The root of the state's retiree benefits problem has been the diversion of revenues from pension funds to other state programs. Underfunding of pensions can be traced back to the governorship of James Thompson in the 1980s, Giertz said.
When faced with a pension-funding crisis in 1995, the state passed a law to bring up the retirement systems to 90 percent full funding by 2045, but left the funding ratio low for the first 15 years.
Gov. Rod Blagojevich and Democratic legislative leaders agreed to contribute only $1.4 billion to the five retirement systems in 2007, rather than the $2.5 billion required under the 1995 law. Most of the diverted funds are going to new spending.
The funded ratio of the state's retirement systems is expected to drop to 58 percent in fiscal year 2007 and unfunded liabilities to rise to about $45 billion, according to projections by the Commission on Government Forecasting and Accountability.

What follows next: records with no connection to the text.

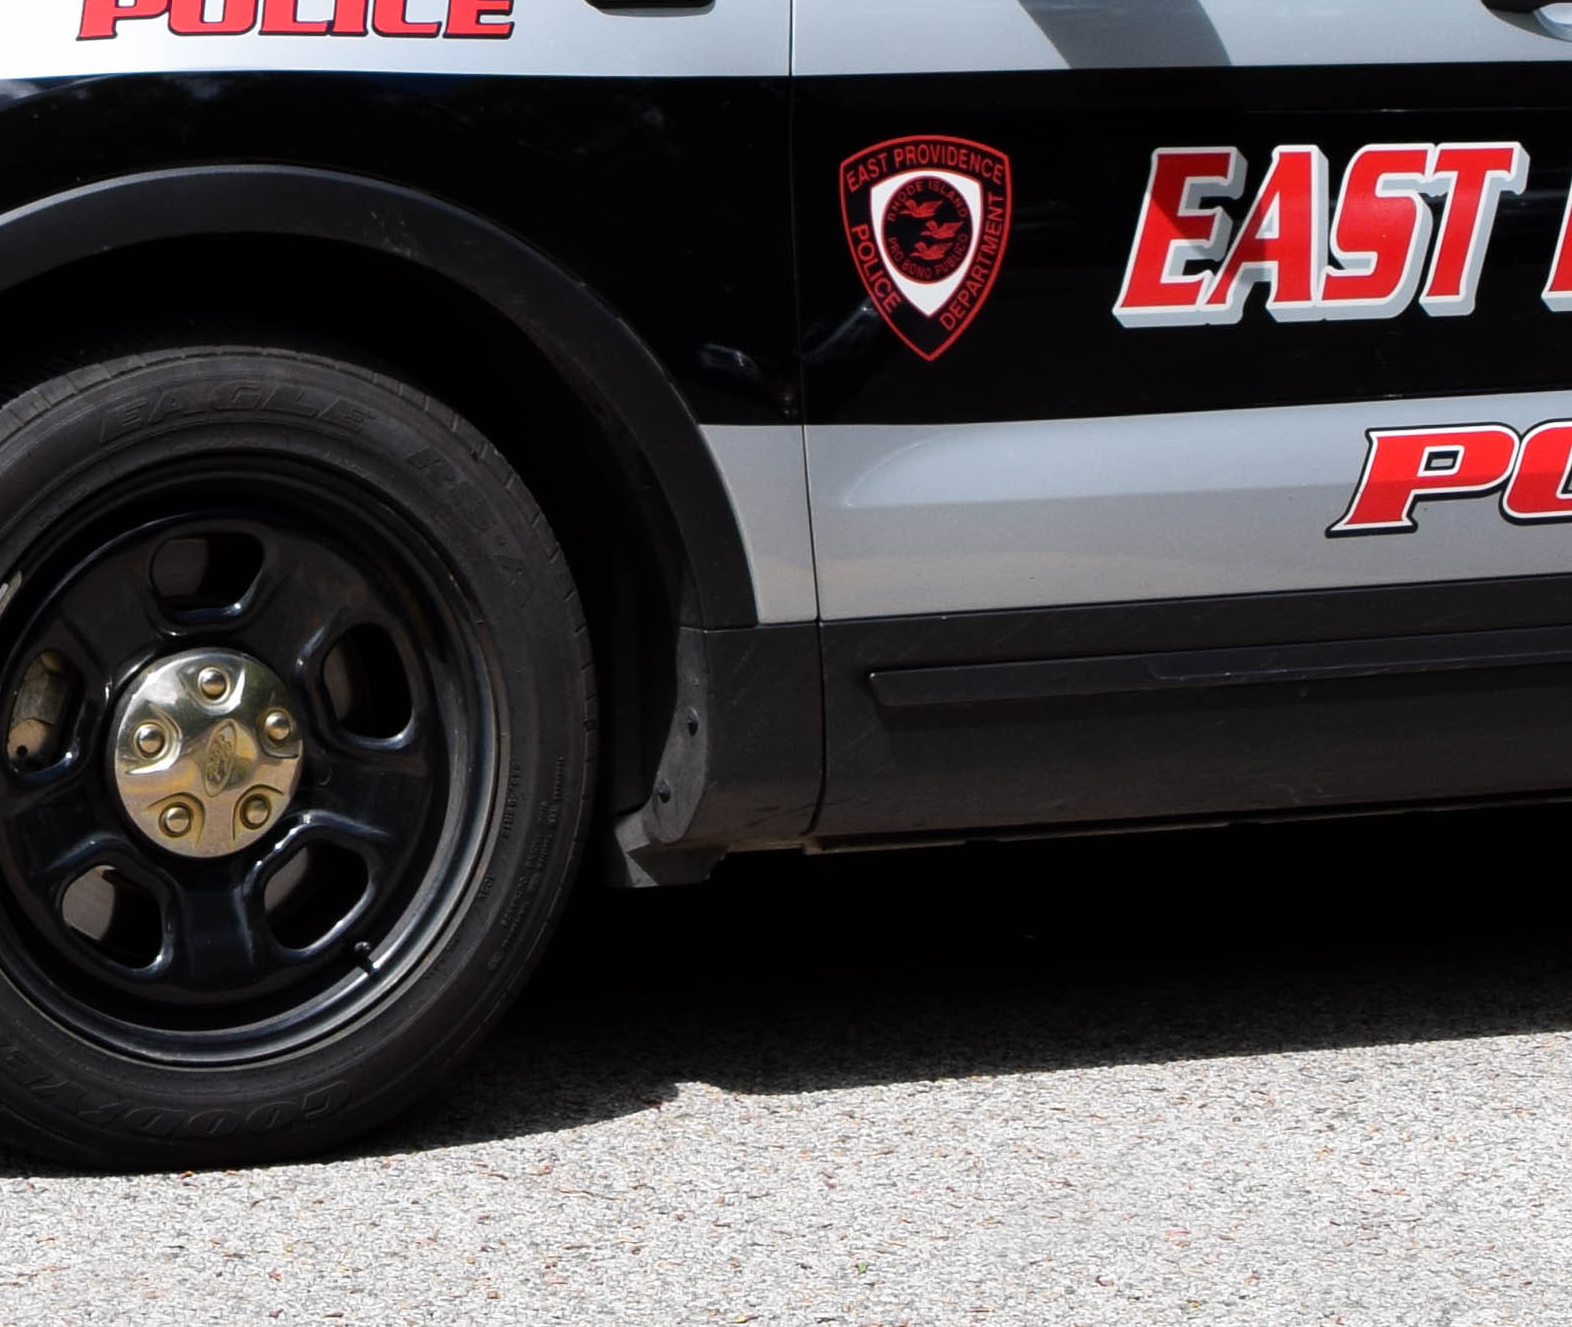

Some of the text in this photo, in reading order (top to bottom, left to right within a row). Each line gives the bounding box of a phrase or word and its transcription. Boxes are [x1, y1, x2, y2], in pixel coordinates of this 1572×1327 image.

[846, 144, 1005, 193] EAST PROVIDENCE
[888, 180, 969, 222] RHODE ISLAND
[851, 223, 904, 314] POLICE
[939, 191, 1005, 332] DEPARTMENT
[1113, 142, 1530, 329] EAST
[99, 381, 378, 445] EAGLE
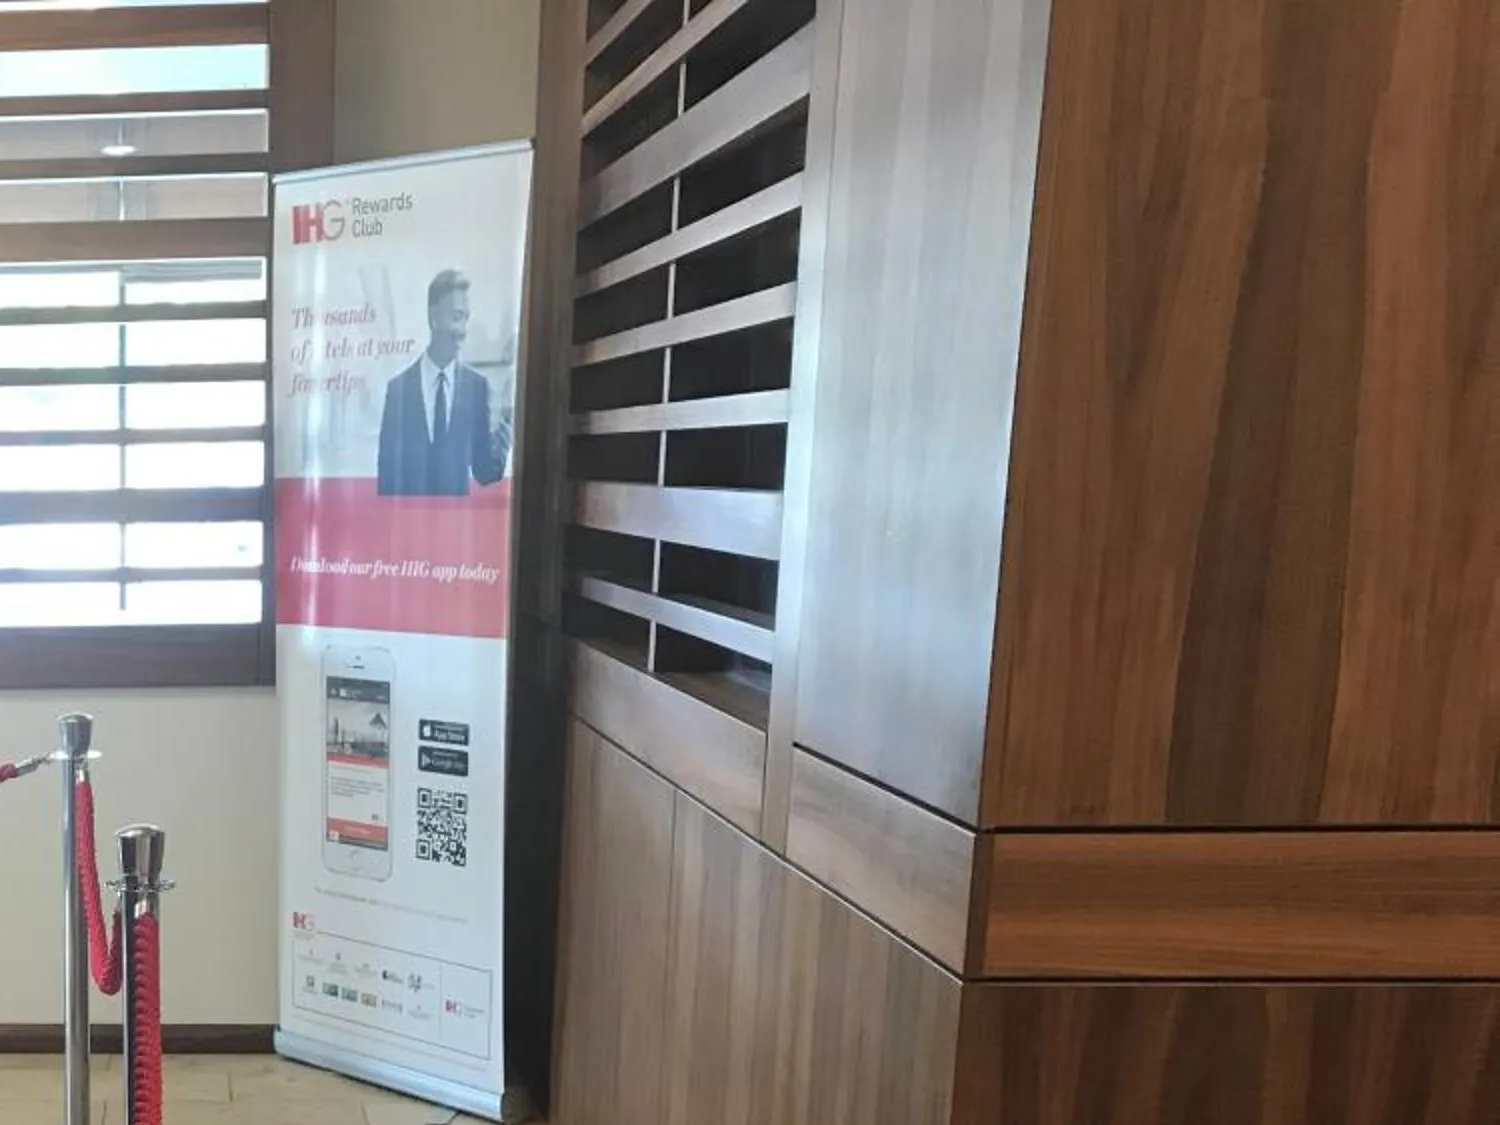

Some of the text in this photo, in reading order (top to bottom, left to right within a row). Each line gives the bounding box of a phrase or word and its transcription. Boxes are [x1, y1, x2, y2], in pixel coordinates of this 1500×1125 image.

OPEB costs are funded by the state on a pay-as-you-go basis, with no accumulated revenues earmarked for long-term costs, even though the cost of retiree health benefits is rising rapidly.
Unlike state pensions, OPEBs are not protected by the state constitution. The
non-impairment clause of the constitution prevents the state from reducing or otherwise altering pensions earned by employees. "The state could begin to ask retirees to pay a larger portion of health-care and other OPEB costs," Giertz said. "That cannot happen in the case of pensions short of a constitutional amendment."
The Illinois scholar said that while serious, the state's funding problem is not insurmountable.
"At present, the unfunded liability represents only 6 percent of the gross state product. In comparison, private-sector pension exposure is estimated at $450 billion, or 4.3 percent of the gross domestic product, and the future liability for Medicare and Social Security is $38 trillion, which represents 362 percent of gross domestic product."
By sticking to the state's 1995 law (as modified in 2003) and making full annual contributions, the state could reverse the current pattern and begin to replenish the retirement funds. This in turn could strengthen the state's credit rating, according to Giertz.
The state of Illinois funds five retirement systems for employees and retirees: State Employees Retirement System (SERS), Teachers' Retirement System (TRS), State Universities Retirement System (SURS), Judges' Retirement System (JRS) and General Assembly Retirement System (GRS).
The enrollment in the five systems totaled 666,952, according to the 2007 Illinois State Budget.